__Brief__. Output all entries exactly; images excluded.

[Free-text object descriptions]
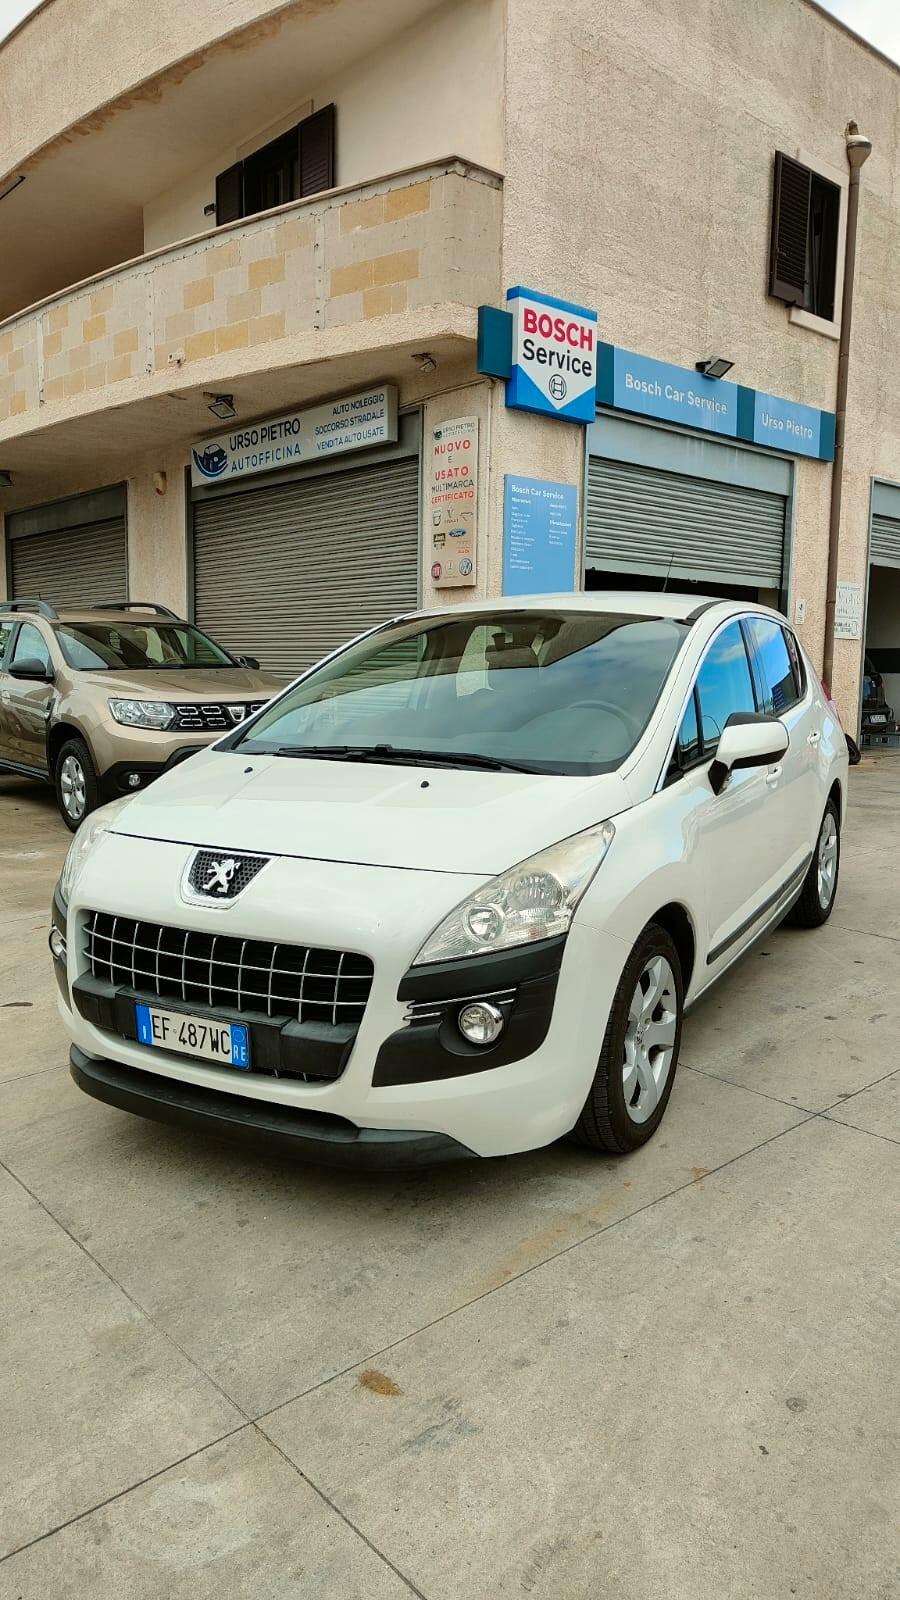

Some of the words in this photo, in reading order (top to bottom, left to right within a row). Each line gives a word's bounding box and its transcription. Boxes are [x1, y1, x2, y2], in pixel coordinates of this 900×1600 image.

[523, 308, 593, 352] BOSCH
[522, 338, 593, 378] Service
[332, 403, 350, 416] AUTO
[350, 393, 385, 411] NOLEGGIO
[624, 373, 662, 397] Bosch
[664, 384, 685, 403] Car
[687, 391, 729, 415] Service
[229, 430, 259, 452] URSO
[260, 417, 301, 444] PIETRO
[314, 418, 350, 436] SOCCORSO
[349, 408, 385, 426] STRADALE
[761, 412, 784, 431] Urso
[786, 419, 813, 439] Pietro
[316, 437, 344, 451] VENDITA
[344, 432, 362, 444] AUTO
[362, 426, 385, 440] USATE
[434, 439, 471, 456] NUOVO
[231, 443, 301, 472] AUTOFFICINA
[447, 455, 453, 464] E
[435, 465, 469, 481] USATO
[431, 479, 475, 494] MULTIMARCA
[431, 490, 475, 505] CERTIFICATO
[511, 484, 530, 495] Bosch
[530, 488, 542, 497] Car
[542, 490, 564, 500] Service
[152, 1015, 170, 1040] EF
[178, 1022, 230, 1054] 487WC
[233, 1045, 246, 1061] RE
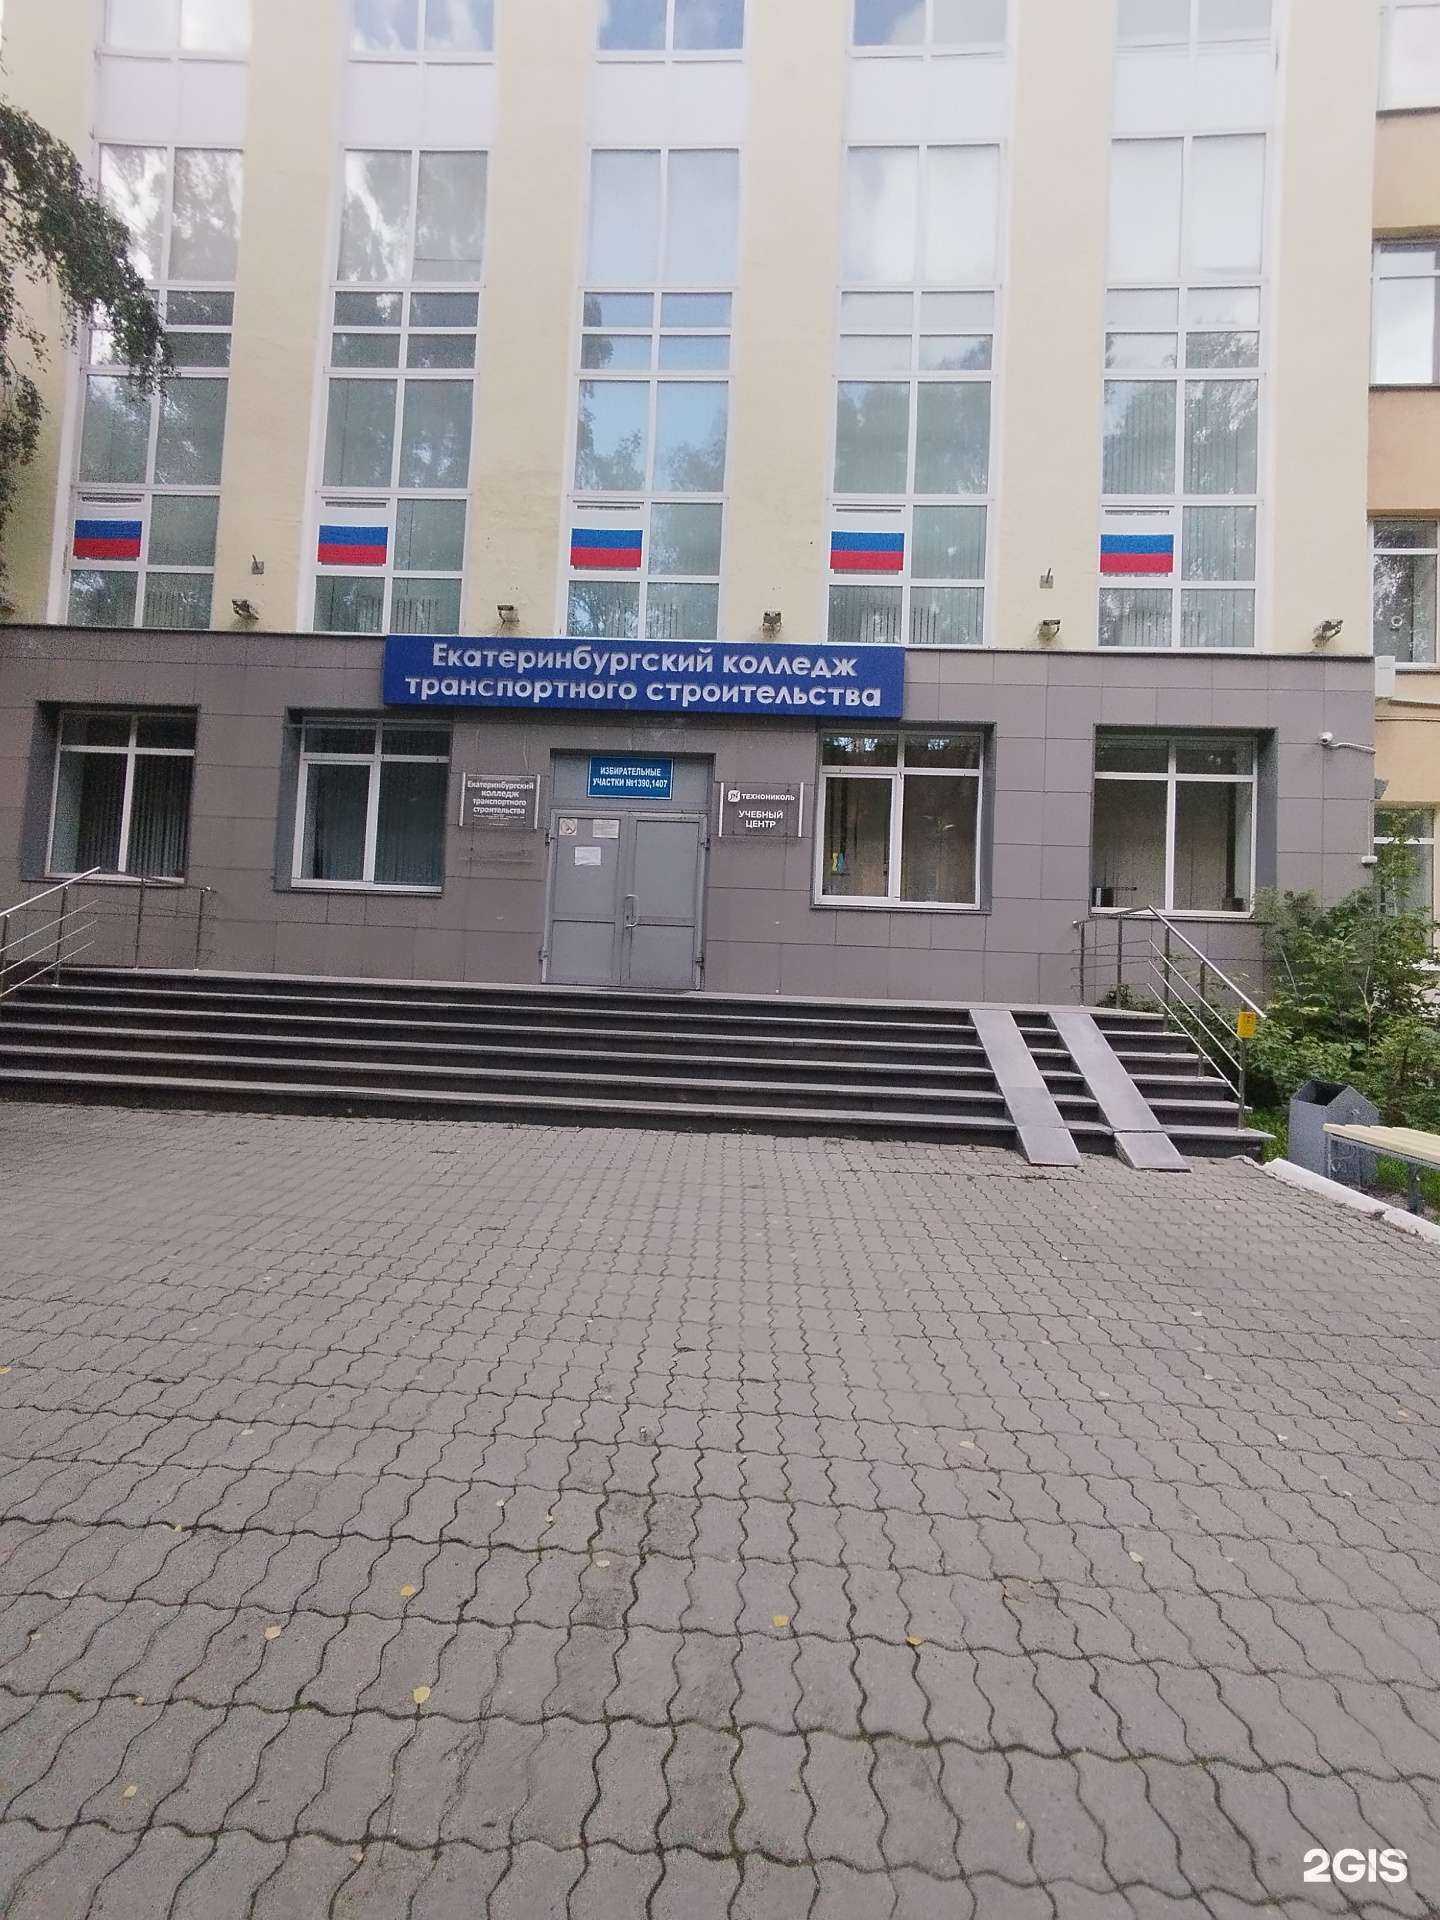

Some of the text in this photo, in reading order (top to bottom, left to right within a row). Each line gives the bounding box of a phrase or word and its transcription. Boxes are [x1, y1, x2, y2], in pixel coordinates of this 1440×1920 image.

__Result of this exercise__.
Some of the words in this photo, in reading order (top to bottom, left to right within a row). Each line gives a word's bounding box and its transcription. Boxes are [x1, y1, x2, y2], in pixel coordinates of this 900×1600 image.

[523, 308, 593, 352] BOSCH
[522, 338, 593, 378] Service
[332, 403, 350, 416] AUTO
[350, 393, 385, 411] NOLEGGIO
[624, 373, 662, 397] Bosch
[664, 384, 685, 403] Car
[687, 391, 729, 415] Service
[229, 430, 259, 452] URSO
[260, 417, 301, 444] PIETRO
[314, 418, 350, 436] SOCCORSO
[349, 408, 385, 426] STRADALE
[761, 412, 784, 431] Urso
[786, 419, 813, 439] Pietro
[316, 437, 344, 451] VENDITA
[344, 432, 362, 444] AUTO
[362, 426, 385, 440] USATE
[434, 439, 471, 456] NUOVO
[231, 443, 301, 472] AUTOFFICINA
[447, 455, 453, 464] E
[435, 465, 469, 481] USATO
[431, 479, 475, 494] MULTIMARCA
[431, 490, 475, 505] CERTIFICATO
[511, 484, 530, 495] Bosch
[530, 488, 542, 497] Car
[542, 490, 564, 500] Service
[152, 1015, 170, 1040] EF
[178, 1022, 230, 1054] 487WC
[233, 1045, 246, 1061] RE

Some of the text in this photo, in reading order (top to bottom, left to right within a row). Each line gives the bounding box of a phrase or word and its transcription. Boxes are [x1, y1, x2, y2], in pixel coordinates of this 1440×1920 image.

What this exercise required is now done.